### What you should do
Would you write out the full listing exactly, without any pictures?
◆ ◆ ◆
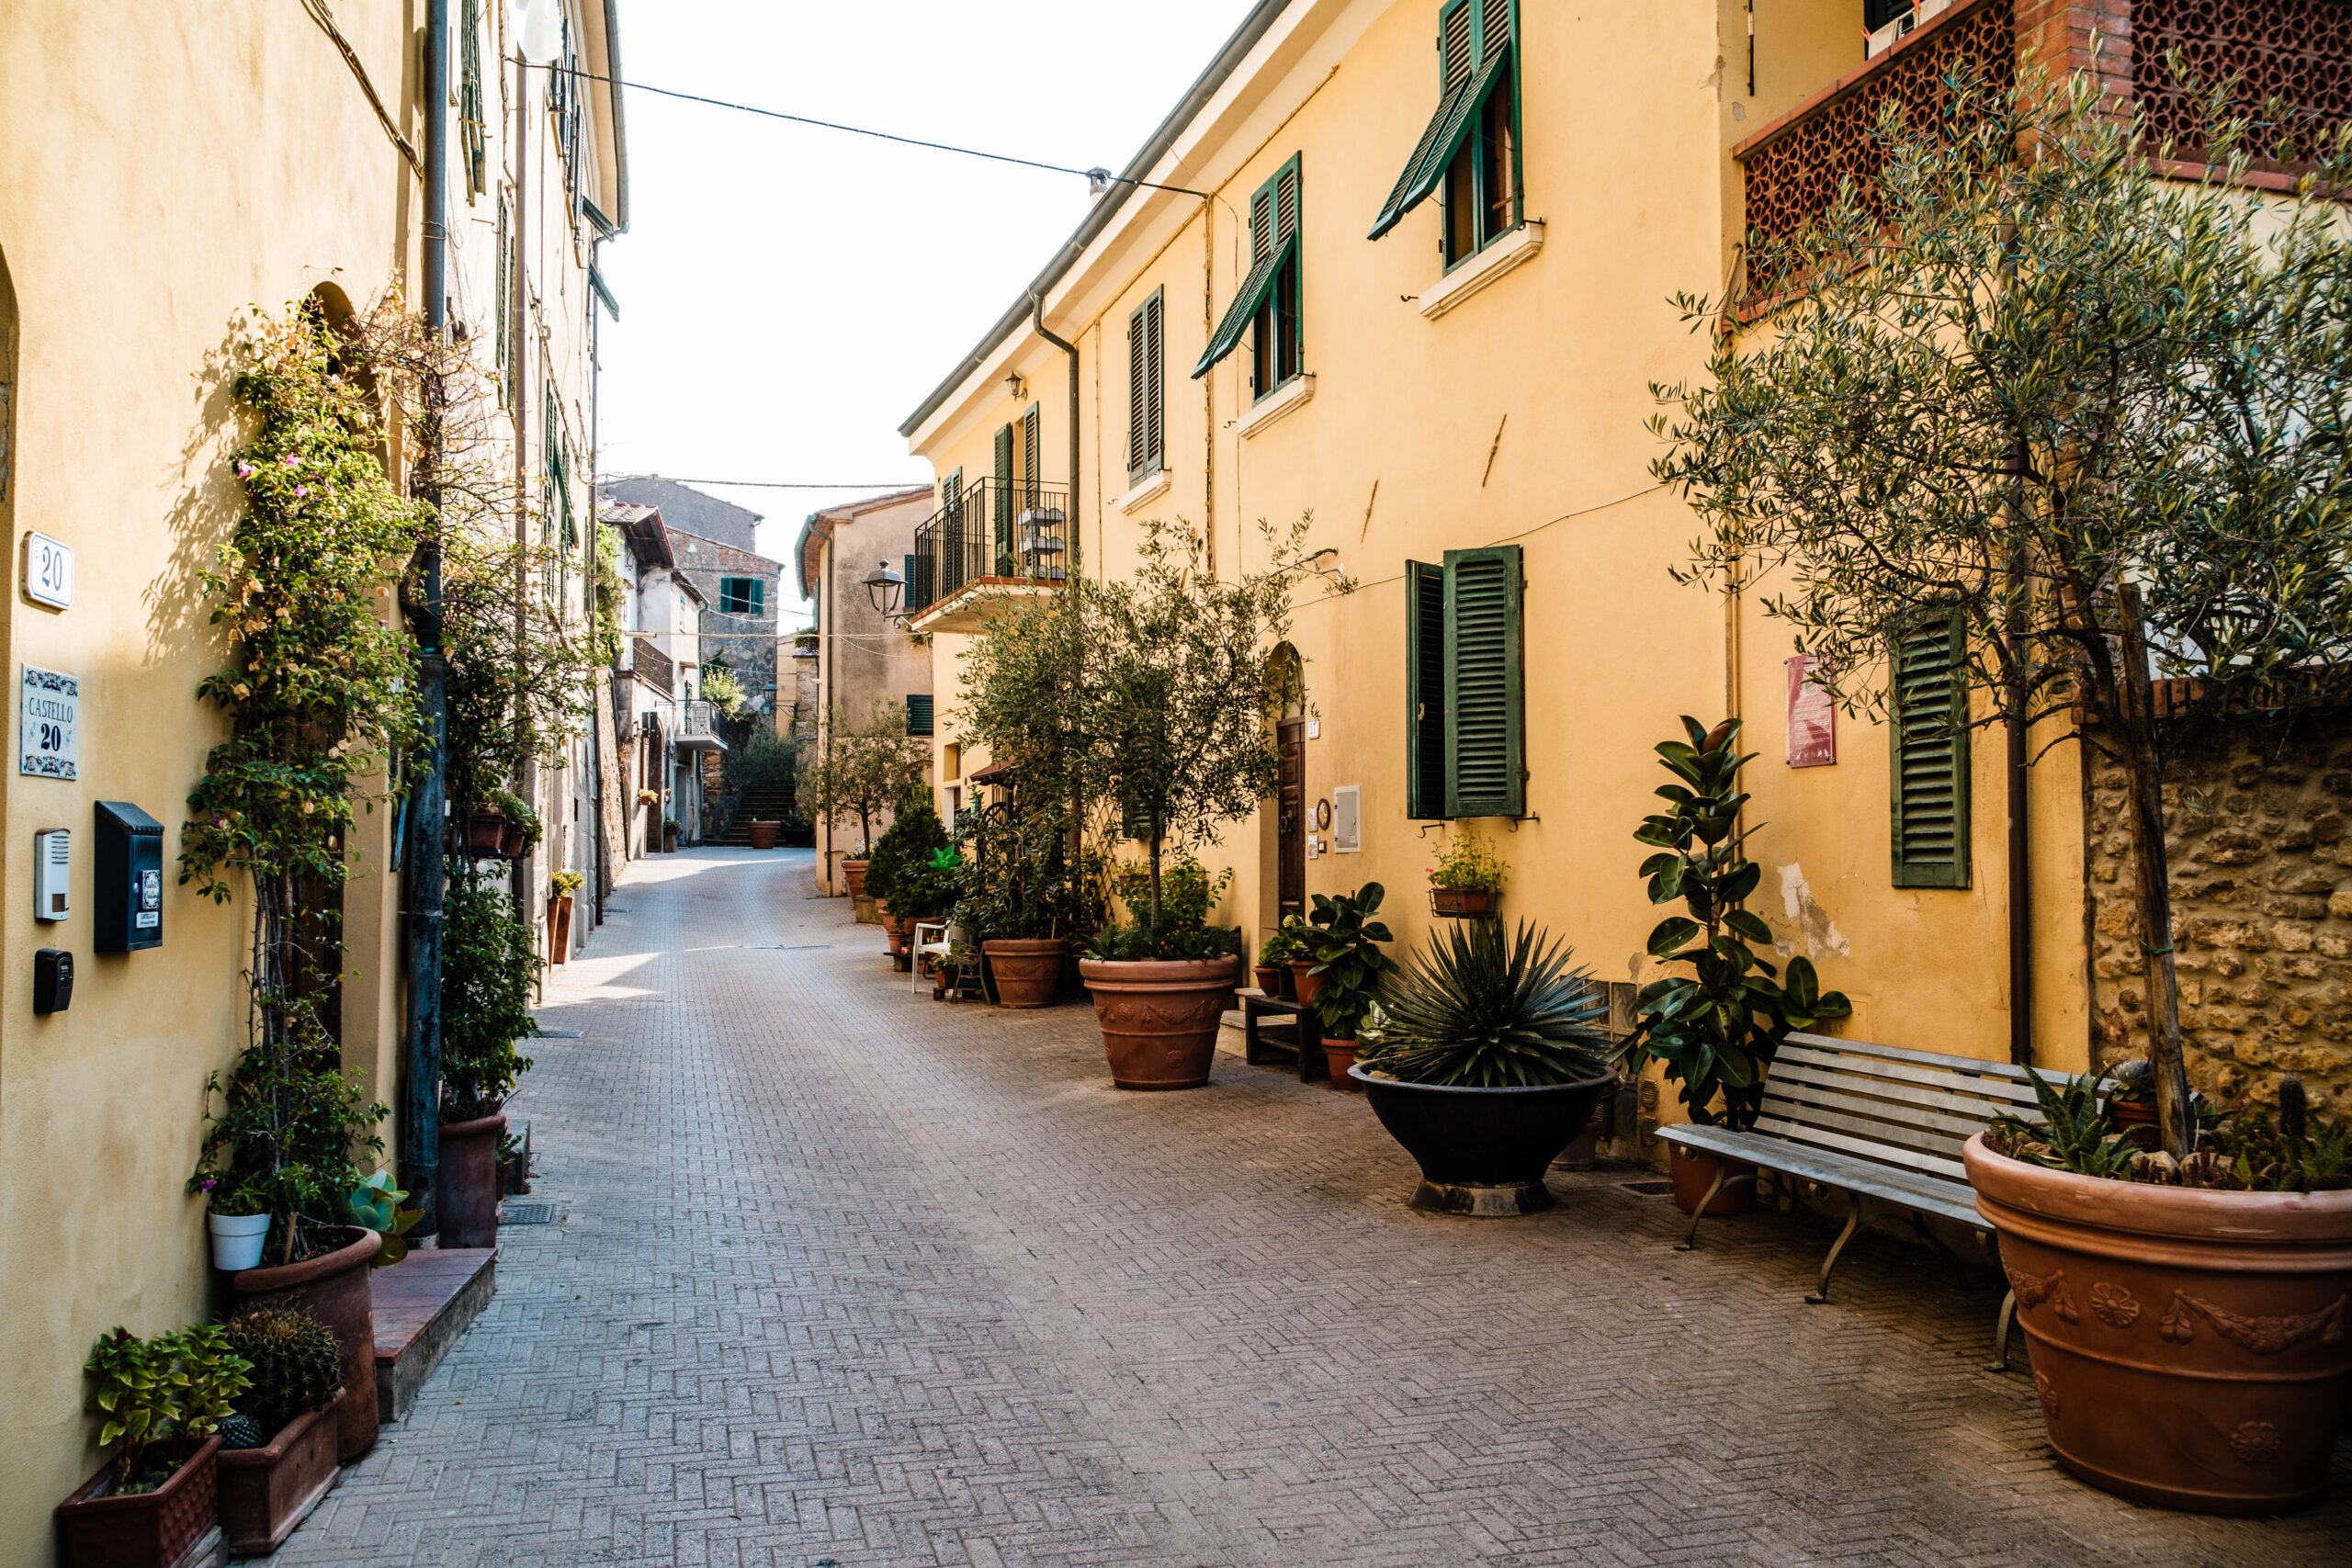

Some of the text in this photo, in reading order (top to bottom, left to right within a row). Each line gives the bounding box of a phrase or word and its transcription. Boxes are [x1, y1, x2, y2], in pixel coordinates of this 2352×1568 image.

[42, 546, 62, 592] 20
[28, 697, 74, 724] CASTELLO
[40, 723, 62, 752] 20
[1826, 1021, 1844, 1035] GAS
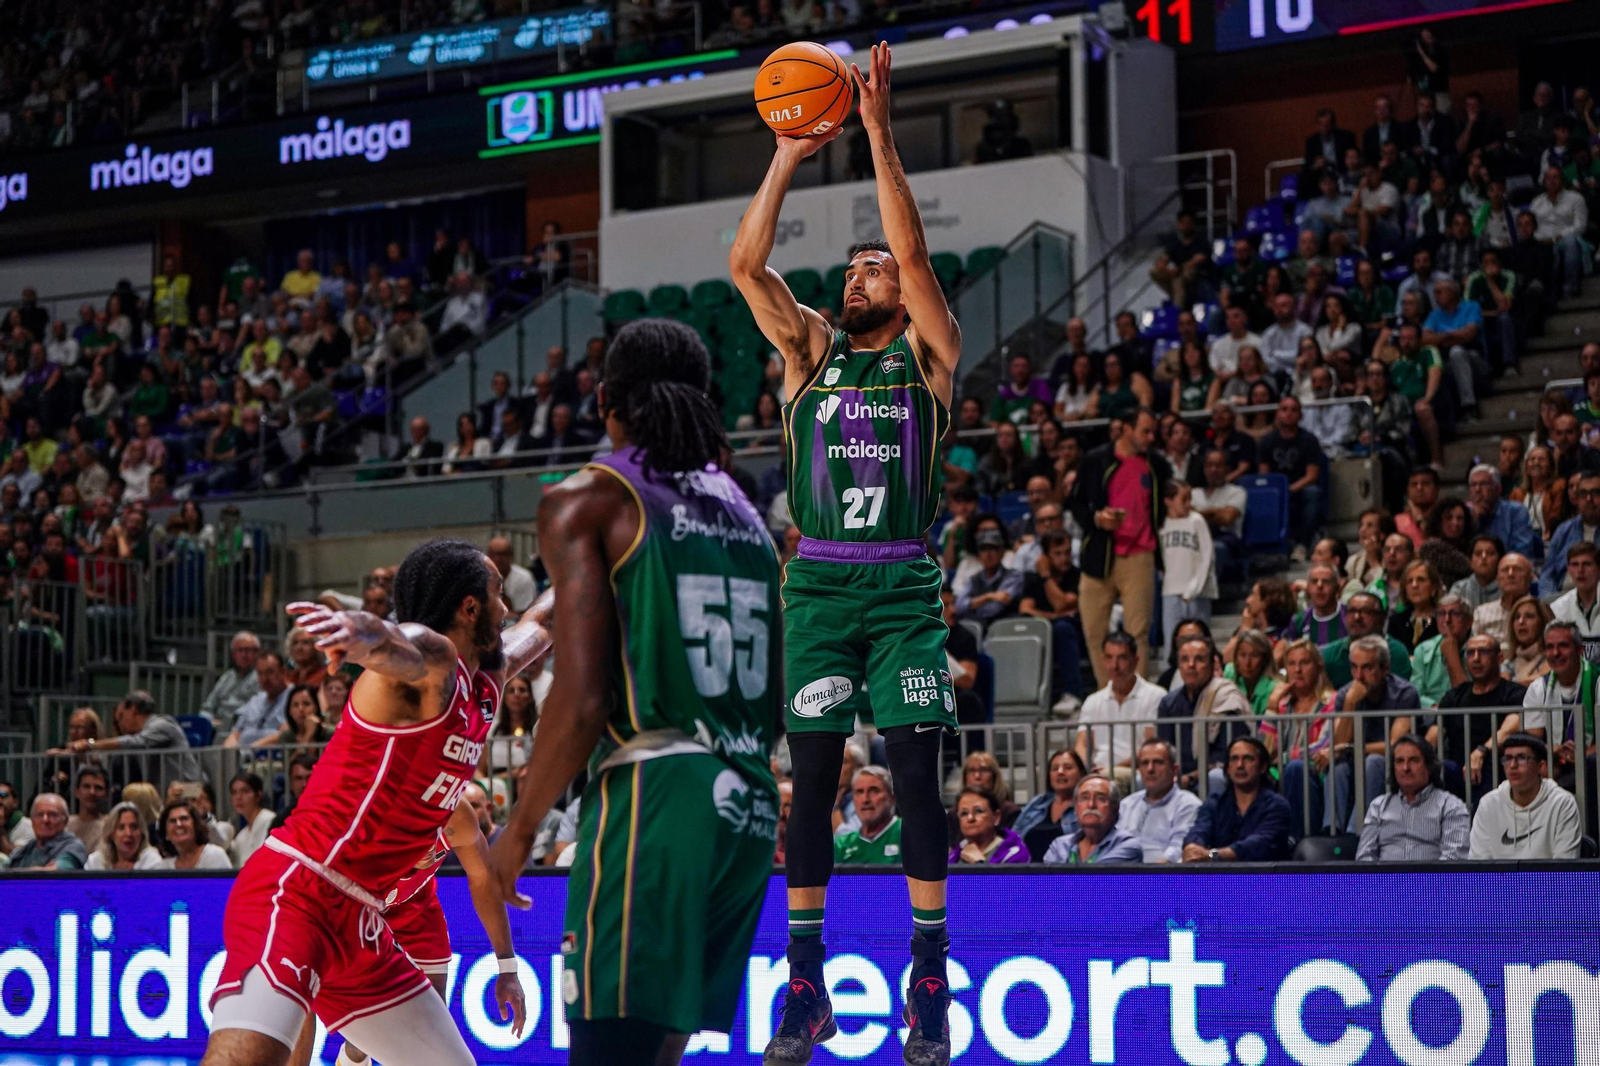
◆ ◆ ◆
### Response box
Some of the text in this photo, in reading order (top to bottom, left to right within a row). Each line gives the bounding box of a phrase or word and its transcription. Boxes are [x1, y1, x2, y2], in pixel coordinates of this 2352×1568 image.

[42, 546, 62, 592] 20
[28, 697, 74, 724] CASTELLO
[40, 723, 62, 752] 20
[1826, 1021, 1844, 1035] GAS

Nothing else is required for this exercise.